DATA SECTION: Begin

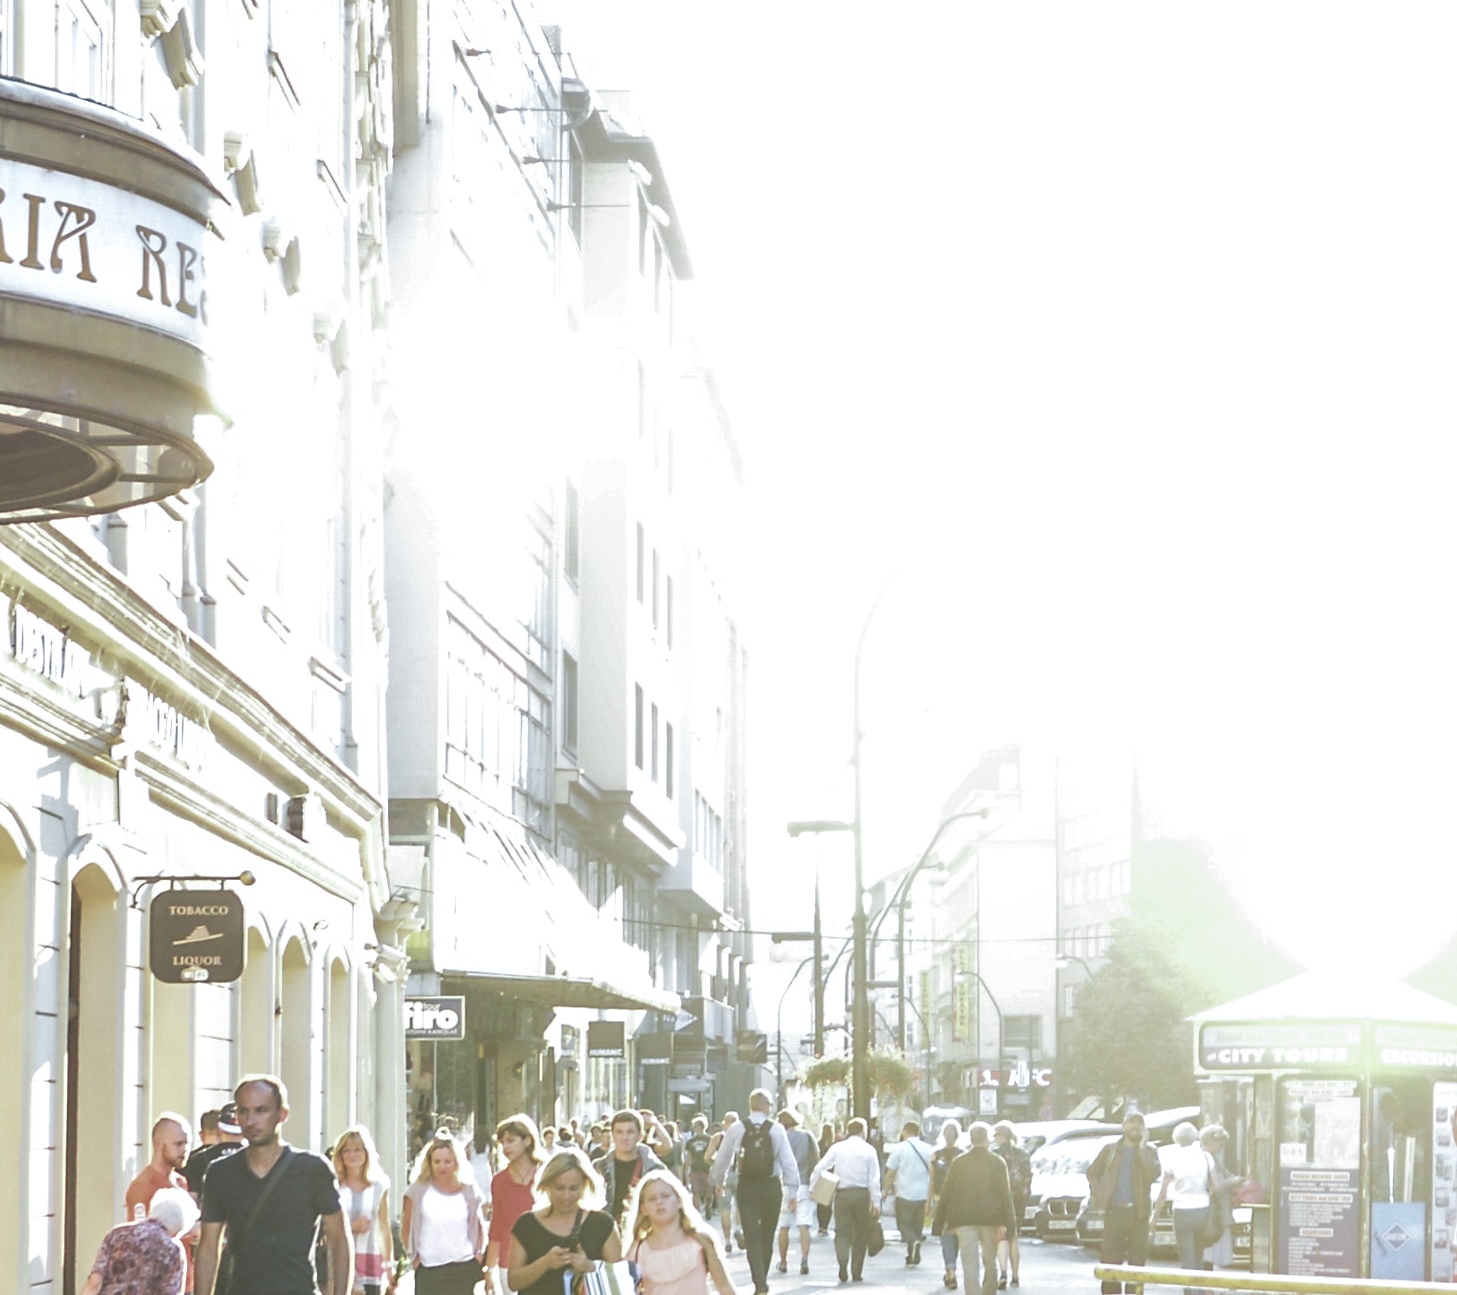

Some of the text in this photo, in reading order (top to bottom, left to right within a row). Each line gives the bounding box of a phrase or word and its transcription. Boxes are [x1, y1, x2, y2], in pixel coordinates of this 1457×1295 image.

[168, 905, 230, 916] TOBACCO
[172, 955, 223, 966] LIQUOR
[402, 1001, 459, 1030] firo
[1218, 1046, 1348, 1064] CITY TOURS

DATA SECTION: End

*EXERCISE*: From the first record to the last, copy everything exactly except the pictures.

*RESULT OF THE EXERCISE*:
Some of the text in this photo, in reading order (top to bottom, left to right within a row). Each line gives the bounding box of a phrase or word and its transcription. Boxes are [x1, y1, x2, y2], in pixel coordinates of this 1457×1295 image.

[168, 905, 230, 916] TOBACCO
[172, 955, 223, 966] LIQUOR
[402, 1001, 459, 1030] firo
[1218, 1046, 1348, 1064] CITY TOURS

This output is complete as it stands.